Türkiye’yi sarsan Kahramanmaraş merkezli zelzelelerde 2 ay geride kaldı.
Kentlerin süratlice yükselmeye başladığı afet bölgelerinde, afetzedelerin acıları birinci günkü üzere tazeliğini koruyor.
Kahramanmaraş’ın Dulkadiroğlu ilçesine bağlı yaklaşık 300 hanenin bulunduğu Güzelyurt Mahallesi’ndeki konutların yarıdan fazlası iki büyük zelzelede yıkıldı.
Çok sayda can kaybının olduğu mahallede ikamet eden vatandaşlar, kurdukları çadırlarda günlük hayatlarını sürdürmeye çalışıyor.
Bazı vatandaşlar da inançlı gördükleri yerleşim yerlerine göç etmek zorunda kaldı.
Mahalle enkaza döndü
Yıkılan binalar ortasında mahallenin mescidi yerle bir olurken, minaresi hafif hasar aldı.
Mahallenin her sokağında bulunan meskenlerin birçok kullanılamaz hale geldi. Ağır hasarlı konutlarda denetimli yıkılacaklar ortasında olduğu belirtildi.

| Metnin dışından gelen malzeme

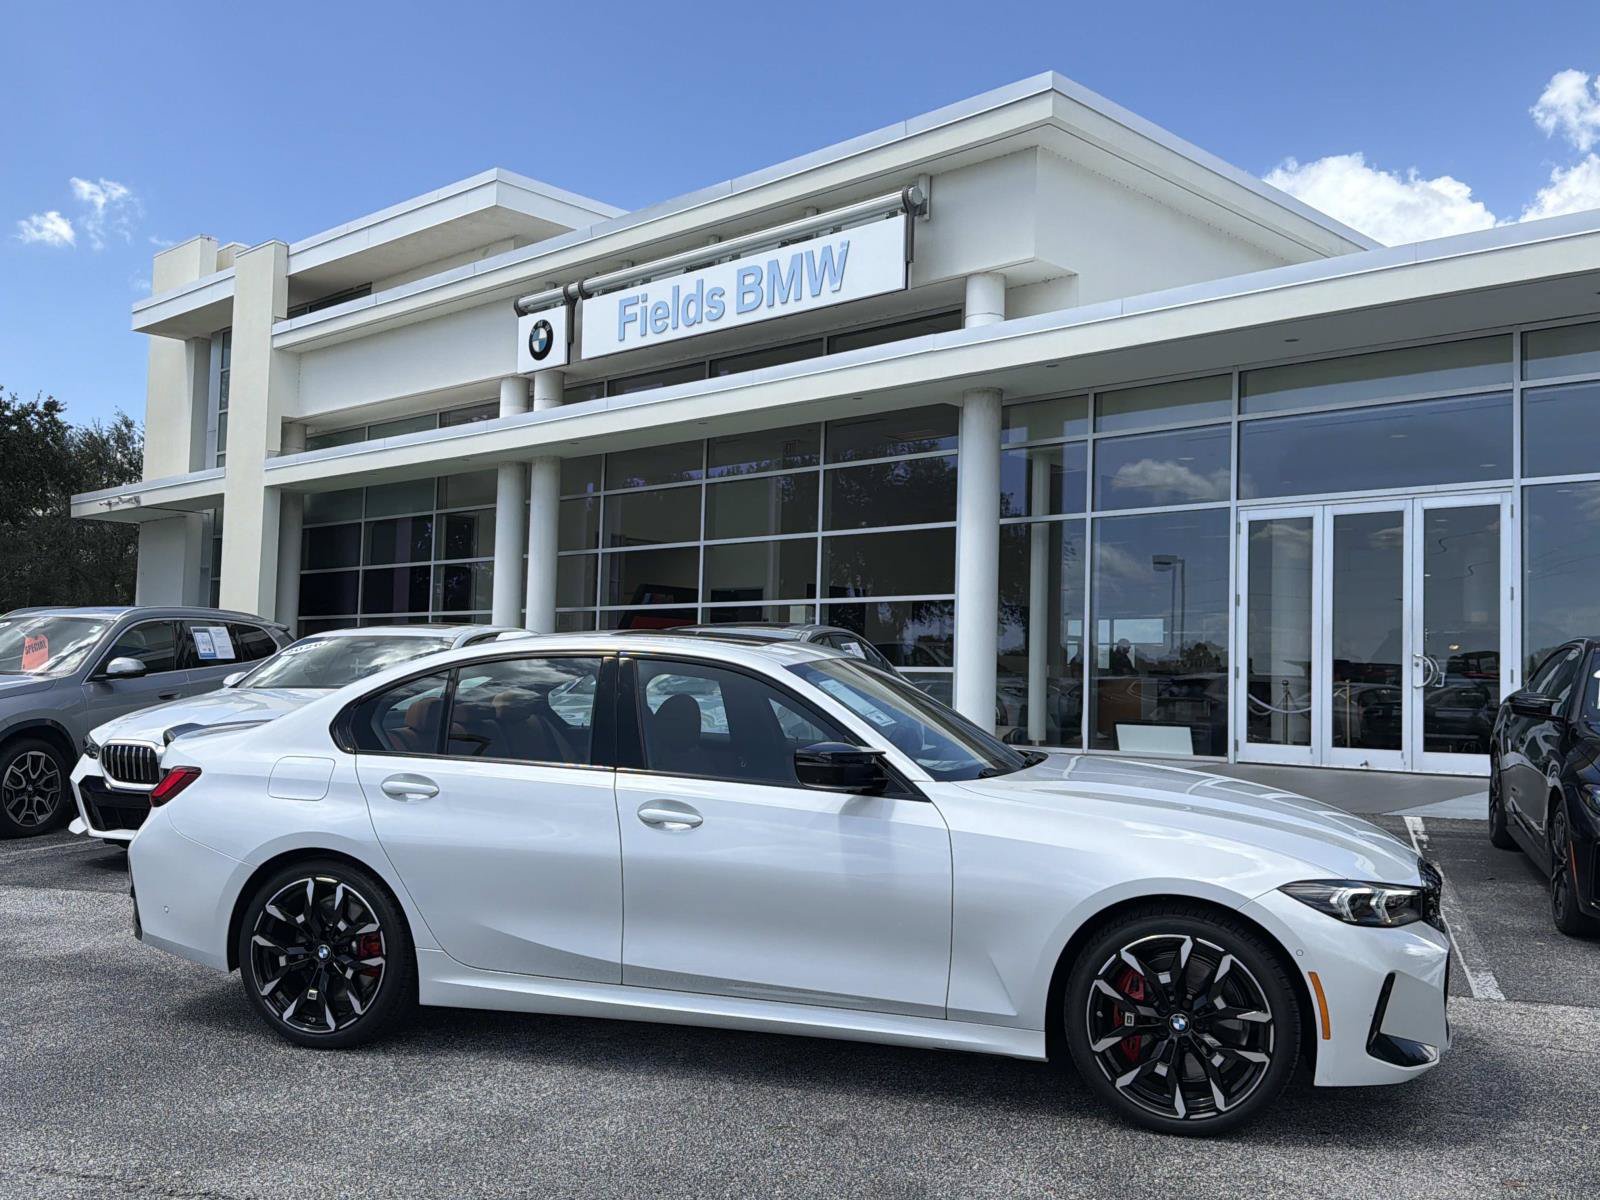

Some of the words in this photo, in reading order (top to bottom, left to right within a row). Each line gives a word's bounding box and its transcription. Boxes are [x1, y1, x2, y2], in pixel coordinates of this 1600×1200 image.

[617, 278, 726, 342] Fields
[736, 240, 851, 315] BMW
[25, 639, 48, 655] SPECIAL

Tek katlı taştan yapılan kimi konutların de sarsıntıdan hasar almadığı görüldü.
Enkazdan çıkarılan arabanın hurda hali ise dikkat çekti.
“Çocuklar çıkmadan çıkmak istemedim”
Deprem sonrası mahallede beyaz bir ışık saçıldığını söz eden Mustafa Kavuzkoz, “Karı koca iki kişiydi burada, cenazemizi oradan aldık. Zelzele olduğunda çıktık. Beyaz bir ışık vardı. Caminin yıkıldığını gördük. Kar yağıyordu yağmur vardı. Üşüdük otomobillere girdik. Şu konut benim mesken. Çocuklar çıkmadan ben çıkmak istemedim.” dedi.

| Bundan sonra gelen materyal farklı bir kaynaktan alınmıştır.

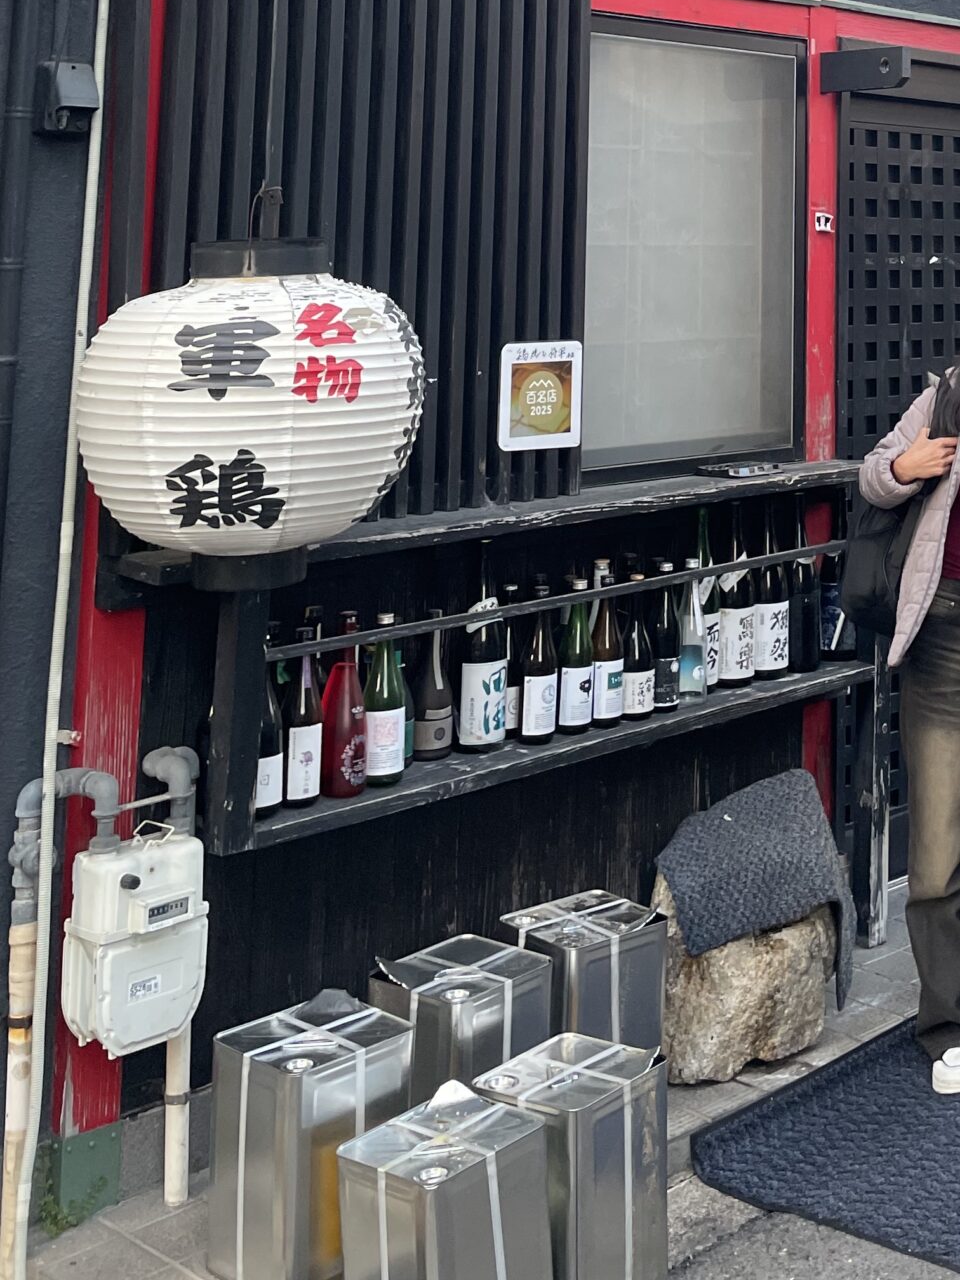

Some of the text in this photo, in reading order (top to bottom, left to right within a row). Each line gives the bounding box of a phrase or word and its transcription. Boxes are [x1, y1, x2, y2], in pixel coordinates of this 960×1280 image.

“Oğlum enkazın altında kaldı”
Enkaz altında tek oğlu olan Muhammed’in hayatını kaybettiğini belirten Fatma Irdoğu, “Deprem olduğunda oğlum öteki yerdeydi evliydi çocuğu vardı. Gelinin ailesi de 12 kişiydi hepsi öldü. Oğlum enkazın altında kaldı. Bir tane oğlum vardı. 3 kız ile bir oğlum vardı.” diye konuştu.
“Yavrularımın 3’ü bir öldü”
Büyük bir zelzele yaşadıklarını anlatan Fatma Gülpınar; kızı Tülay, torunları Fatma ve İkra Çetin’in sarsıntıda hayatını kaybettiğini söyledi.
Gülpınar, şu sözleri kullandı:
Biz yıkıldık o merdivene düştü ben de salona düştüm. Sürüne sürüne indik aşağıya. Duvardan başıma briket düştü. Kızım Tülay’ın iki kızı vardı. 11 yaşında biri 10 yaşında da başkası. Yavrularımın 3’ü bir öldü. Kardeşleri kazma kürek ile aradı. Çok perişan olduk. Durumumuz çok berbattı daha da unutamıyoruz. Bu yavrum öksüz kaldı kimsesi yok. Sarsıntıdan evvel babası da öldü. Ne yapacağımızı şaşırdık Allah’tan geldi kulundan gelmedi. Çocuklarıma çok üzülüyorum, çocuklarım her şeyden değerliydi.
“Merkezinde bir şey kalmadı”
Depremde ağabeysi ve yengesini kaybeden Fahri Kavuzkoz ise, “Köyün en yerlisiyiz buranın birinci yerleşim yeriydi merkezinde bir şey kalmadı. Ağabeyim ve yengem enkaz altında kaldı.” sözlerini kullandı.